Let’s say you have a function you have to call using two parameters :

  • The first parameter is a configuration option symbolized by an enum. Like the “mode of use” of your function.
  • The second parameter is a true numeral parameter.

Let’s use the following example to represent that :

#include <iostream>

// Enum describing the mode used in the following function
enum class ChangeMode
{
    Before,
    After
};

// Function that squares a value and increases it (wether before or after), then prints the result
void increase_and_square(const ChangeMode& m, int v)
{
    if (m == ChangeMode::Before)
        ++v;
    
    v = v*v;
    
    if (m == ChangeMode::After)
        ++v;

    std::cout << v << std::endl; 
}

// main function
int main()
{
    const int a = 42;
    increase_and_square(ChangeMode::Before, a);
    increase_and_square(ChangeMode::After, a);
}

In this example, we perform slightly different operation depending on the “mode” used. This is a fairly common behavior that can occur in may different forms.

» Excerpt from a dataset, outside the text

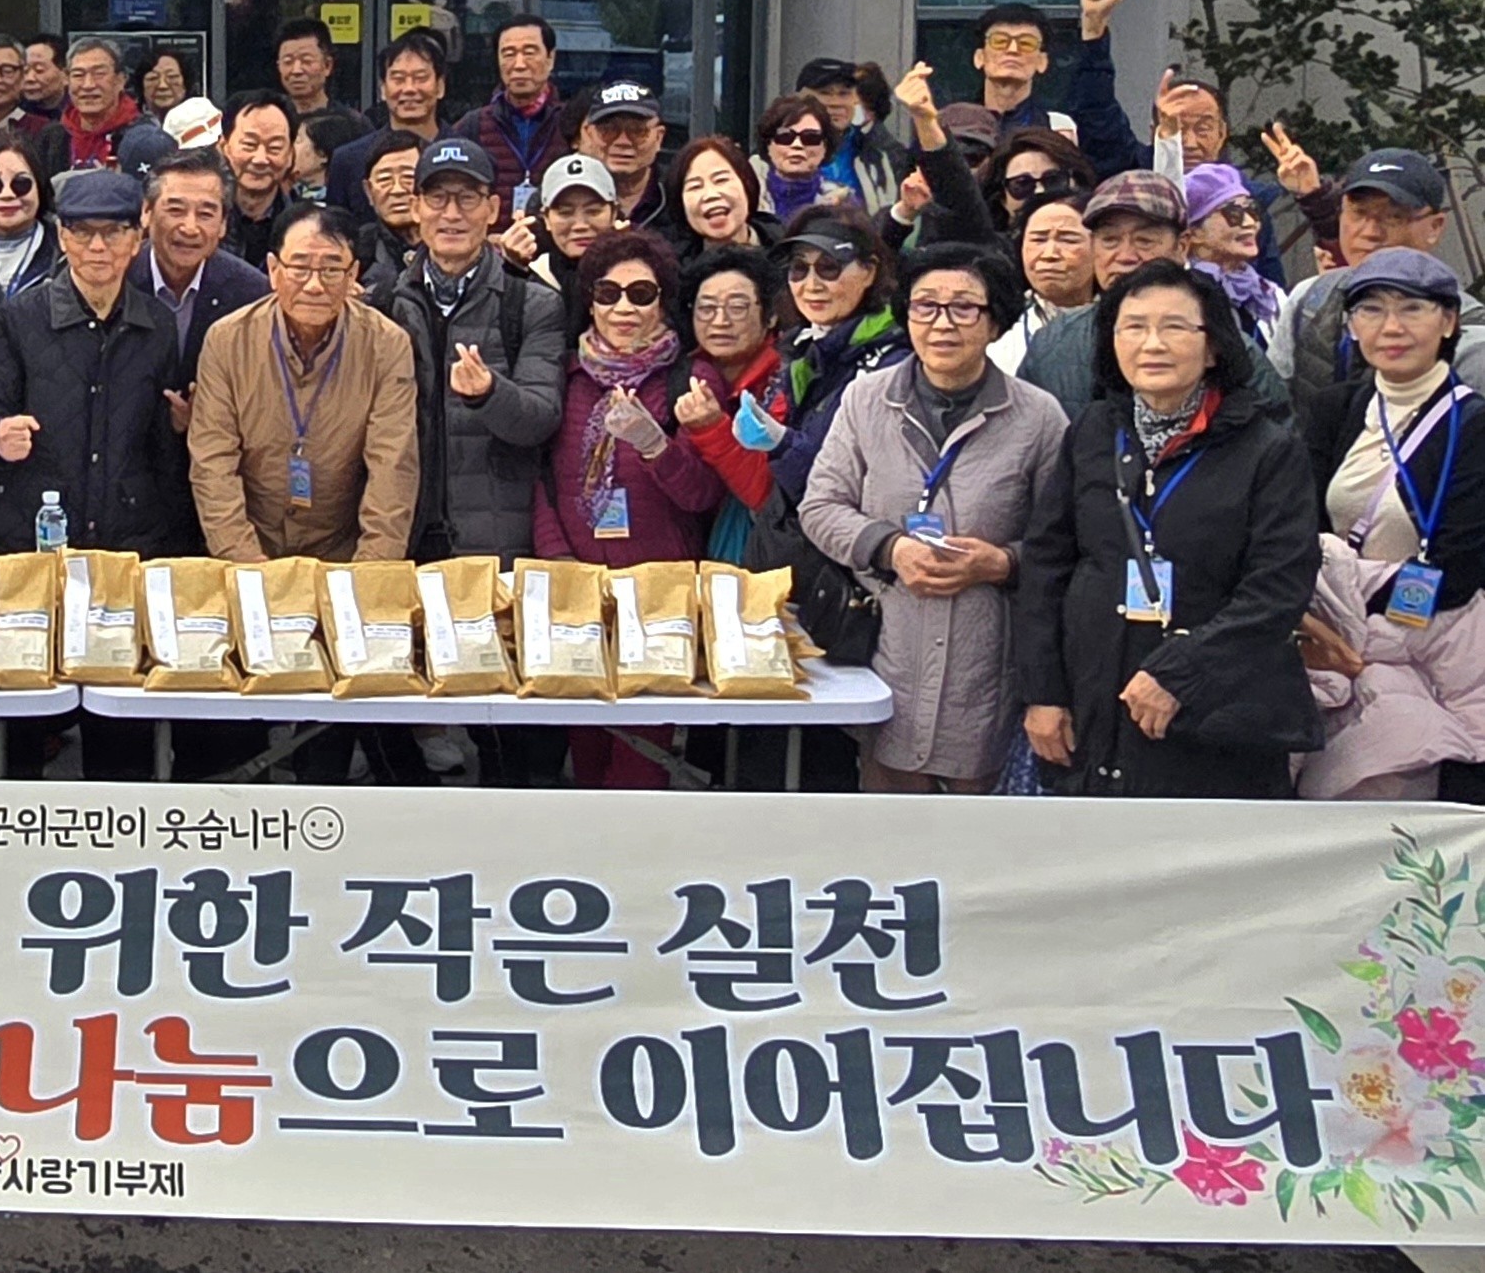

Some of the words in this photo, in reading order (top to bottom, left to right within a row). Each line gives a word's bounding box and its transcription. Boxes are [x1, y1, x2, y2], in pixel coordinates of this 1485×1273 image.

However, implemented as it is there is not the most optimized way to do this. A best way to obtain the same result is to use the ChangeMode as a template instead of a plain parameter.

Like this :

#include <iostream>

// Enum describing the mode used in the following function
enum class ChangeMode
{
    Before,
    After
};

// Function that squares a value and increases it (wether before or after), then prints the result
template<ChangeMode m>
void increase_and_square(int v)
{
    if (m == ChangeMode::Before)
        ++v;
    
    v = v*v;
    
    if (m == ChangeMode::After)
        ++v;

    std::cout << v << std::endl; 
}

// main function
int main()
{
    const int a = 42;
    increase_and_square<ChangeMode::Before>(a);
    increase_and_square<ChangeMode::After>(a);
}

Impementing the function like is actually better in every way :

  • Operations done at compile time : of course, and as the main advantage of using templates, we evaluate more expressions a compile time here, saving run time.
  • Compiler optimization : since the compiler will be able to evaluate more things at compile time, it will be able to optimize the code, effectively discarding the if statements.
  • Executable size : more impressive, the executable will be smaller with the templated version. This is so because the fact that we discard the if statement actually greatly reduce the size of the functions.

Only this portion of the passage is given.